*** Opening LISTED ENTRIES ***

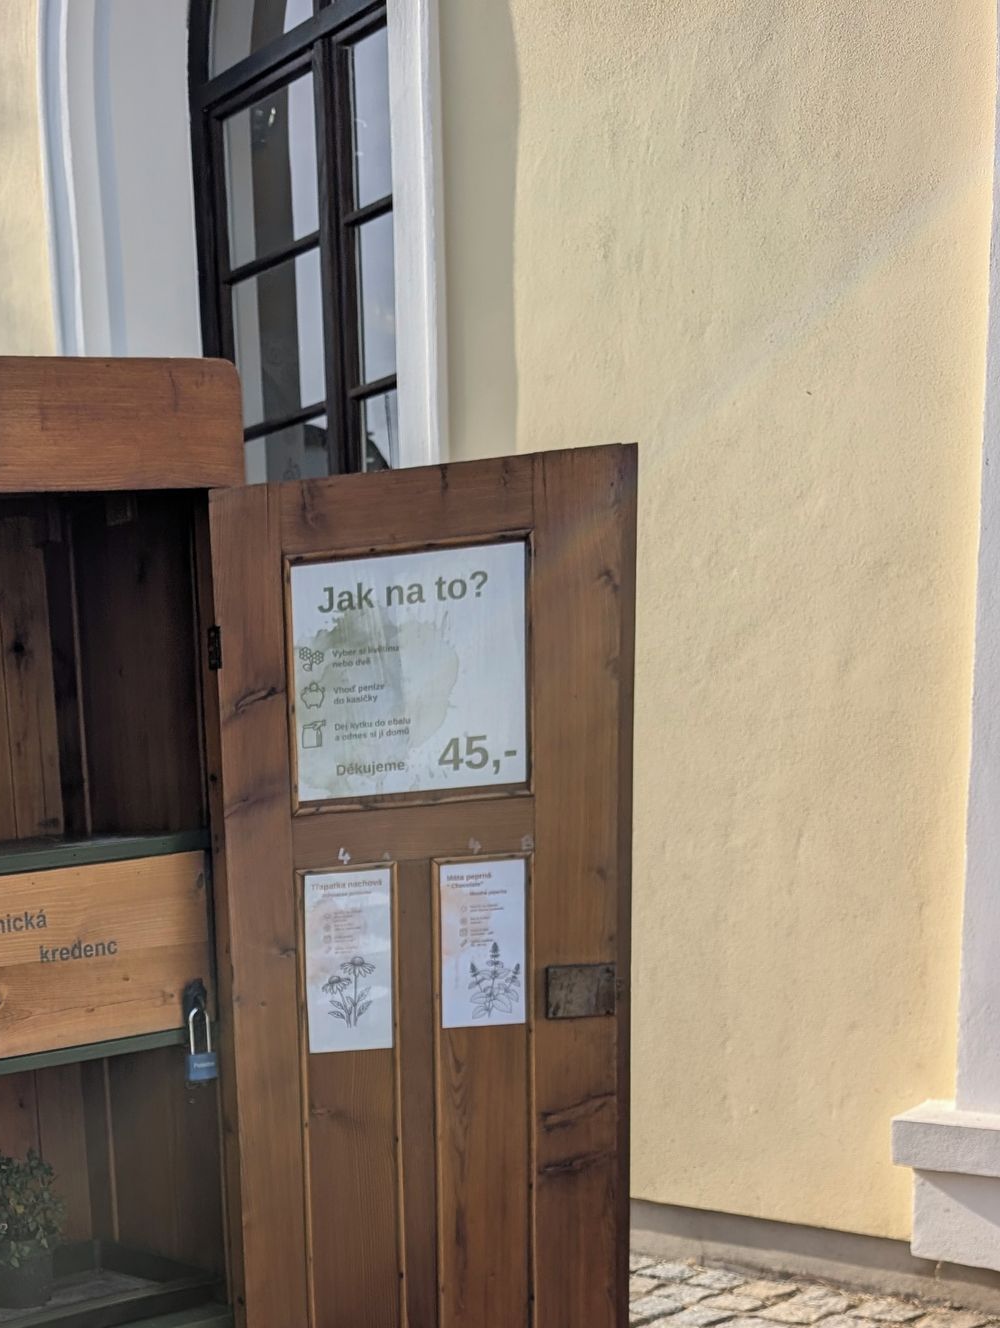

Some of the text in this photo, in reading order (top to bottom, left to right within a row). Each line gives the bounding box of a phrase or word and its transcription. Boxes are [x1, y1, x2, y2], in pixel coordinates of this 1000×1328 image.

[317, 569, 489, 614] Jak na to?
[332, 657, 371, 668] nebo dvě
[333, 697, 344, 705] do
[374, 719, 386, 728] do
[436, 734, 518, 776] 45,-
[337, 847, 351, 865] 4
[39, 937, 119, 964] kredenc
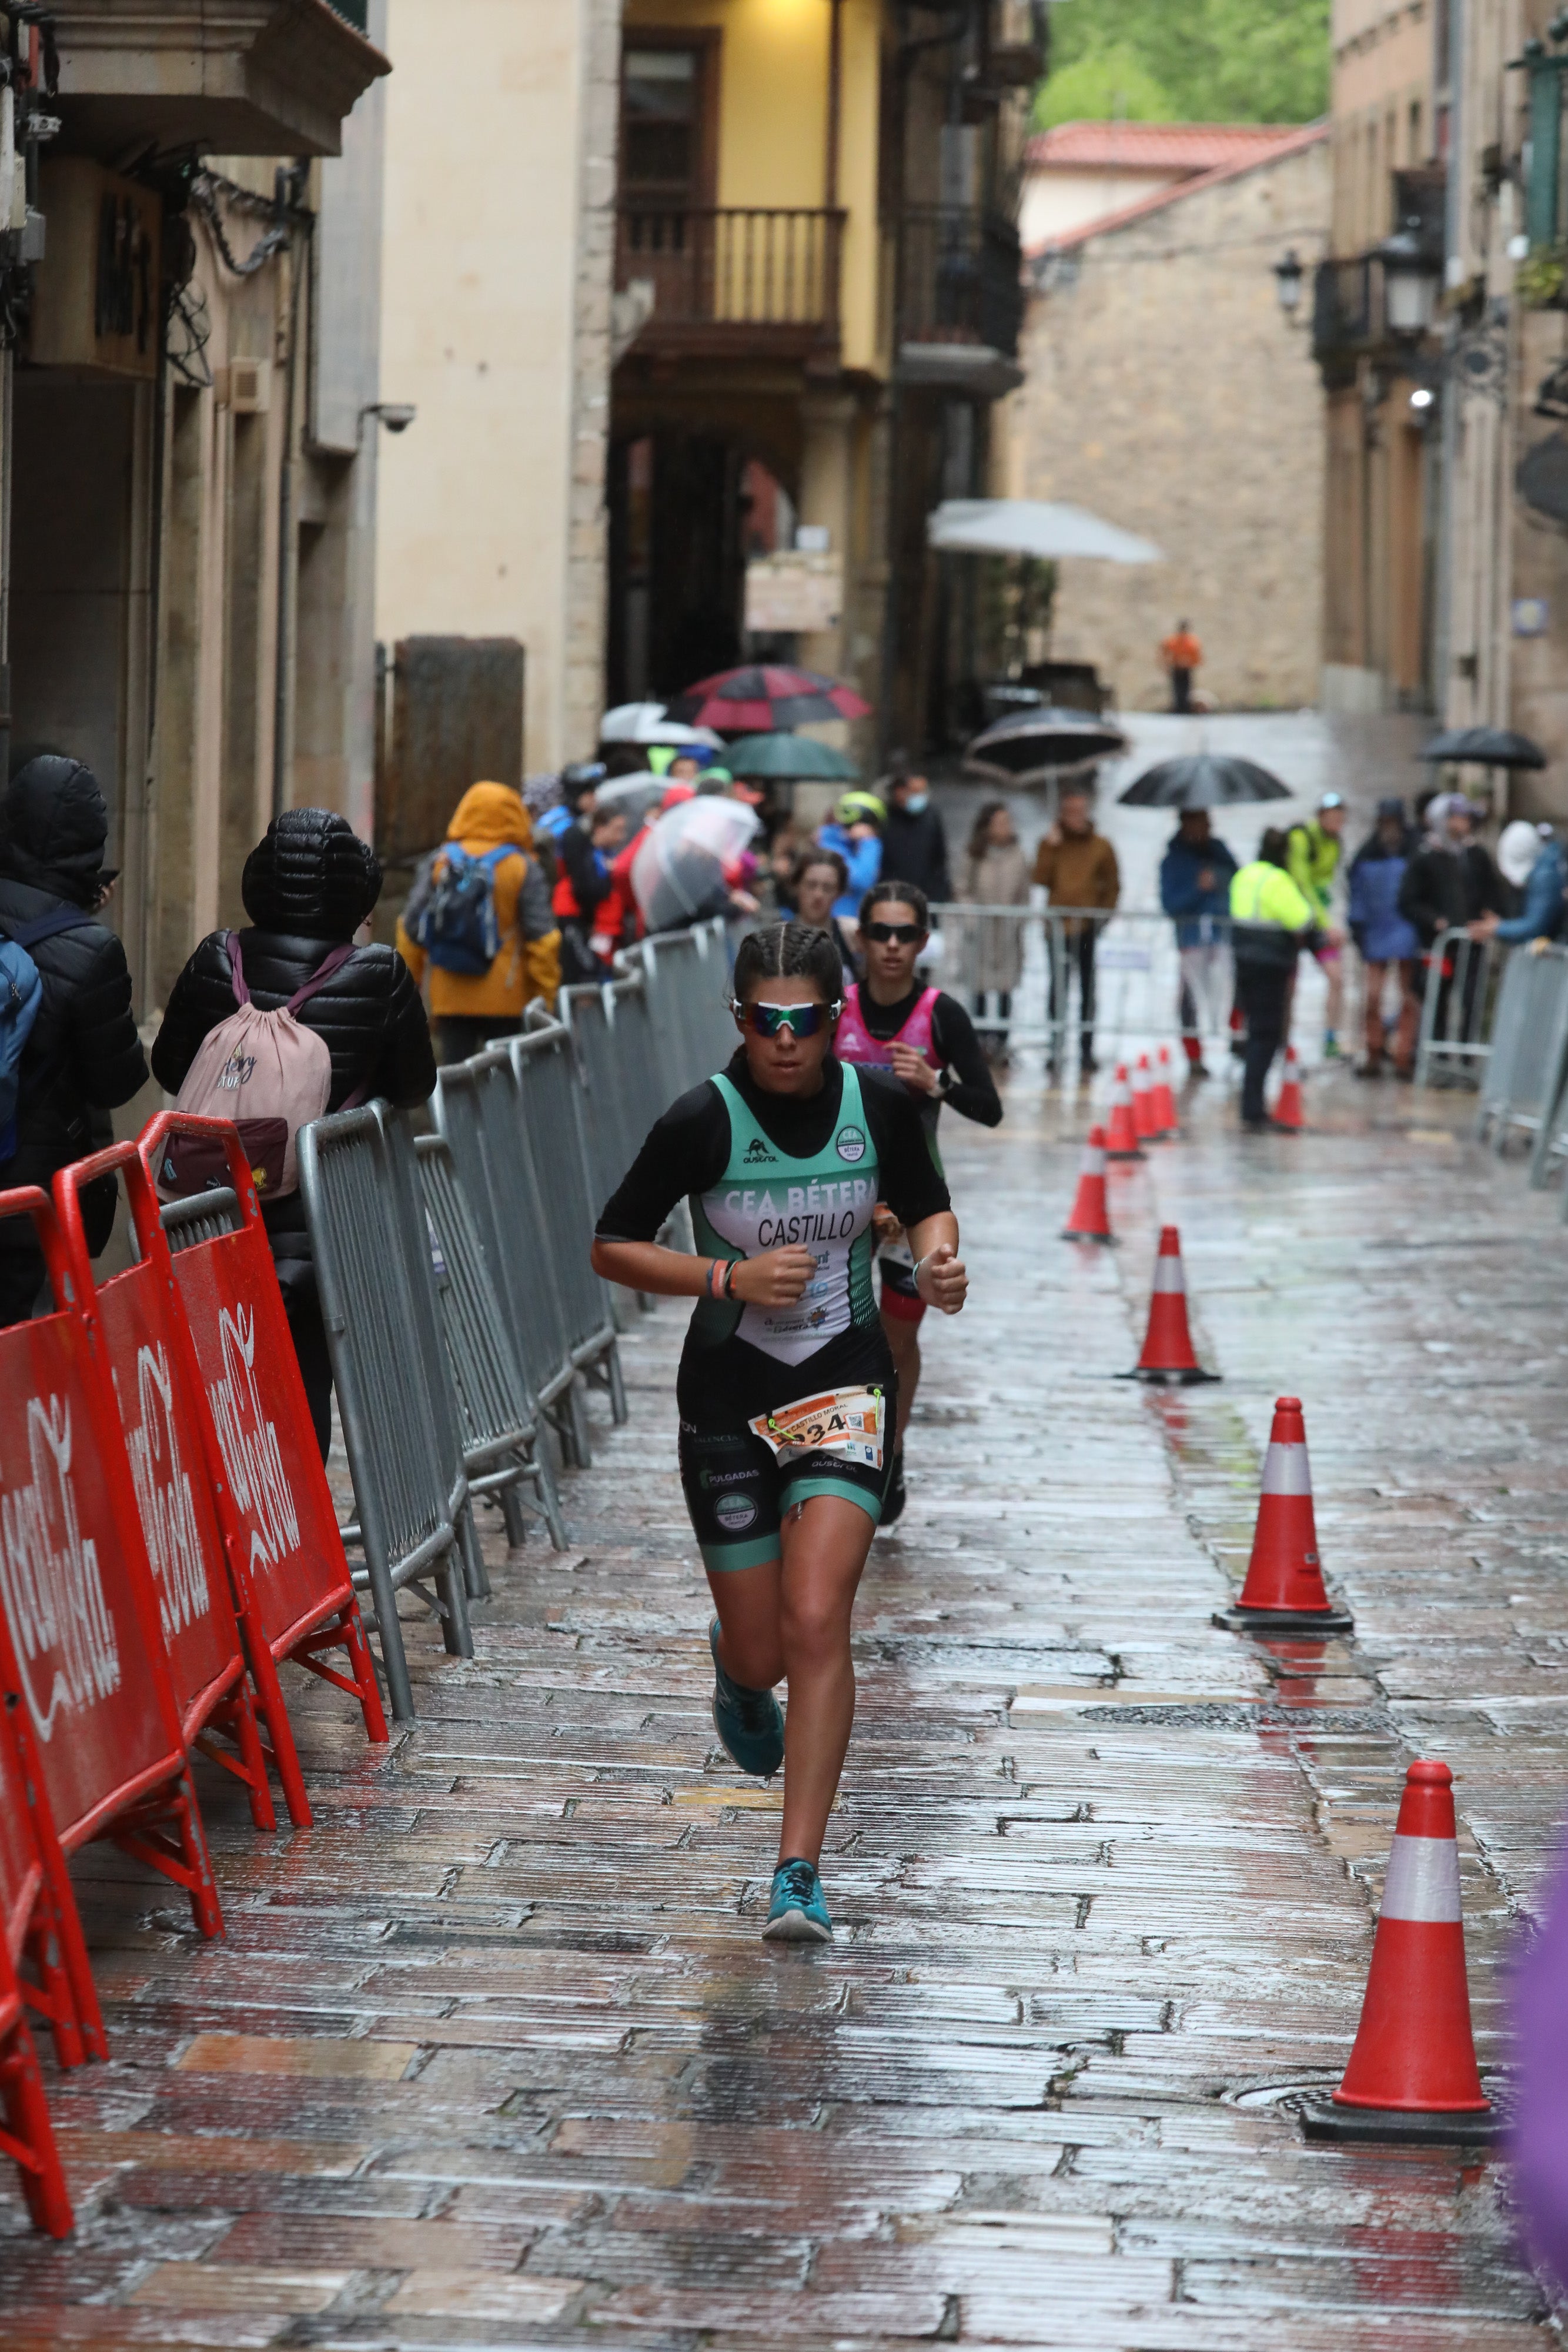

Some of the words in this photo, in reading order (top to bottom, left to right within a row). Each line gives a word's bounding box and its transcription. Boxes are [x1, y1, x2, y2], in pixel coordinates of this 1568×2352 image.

[842, 1130, 858, 1139] CEA
[725, 1190, 777, 1220] CEA
[758, 1211, 854, 1247] CASTILLO
[791, 1412, 823, 1432] CASTILLO
[824, 1404, 848, 1416] MORAL
[708, 1469, 760, 1483] PULGADAS

*** Closing LISTED ENTRIES ***

* **YOUR INSTRUCTIONS**
The preceding entries should be duplicated word for word; no picture belongs in the copy.

* **RESPONSE**
Some of the text in this photo, in reading order (top to bottom, left to right within a row). Each line gives the bounding box of a phrase or word and its transcription. Boxes are [x1, y1, x2, y2], in pixel coordinates of this 1000×1328 image.

[317, 569, 489, 614] Jak na to?
[332, 657, 371, 668] nebo dvě
[333, 697, 344, 705] do
[374, 719, 386, 728] do
[436, 734, 518, 776] 45,-
[337, 847, 351, 865] 4
[39, 937, 119, 964] kredenc

Some of the words in this photo, in reading order (top to bottom, left to right within a row). Each line gives a word's bounding box and its transcription. Boxes are [x1, y1, x2, y2], in pixel coordinates of this 1568×2352 image.

[842, 1130, 858, 1139] CEA
[725, 1190, 777, 1220] CEA
[758, 1211, 854, 1247] CASTILLO
[791, 1412, 823, 1432] CASTILLO
[824, 1404, 848, 1416] MORAL
[708, 1469, 760, 1483] PULGADAS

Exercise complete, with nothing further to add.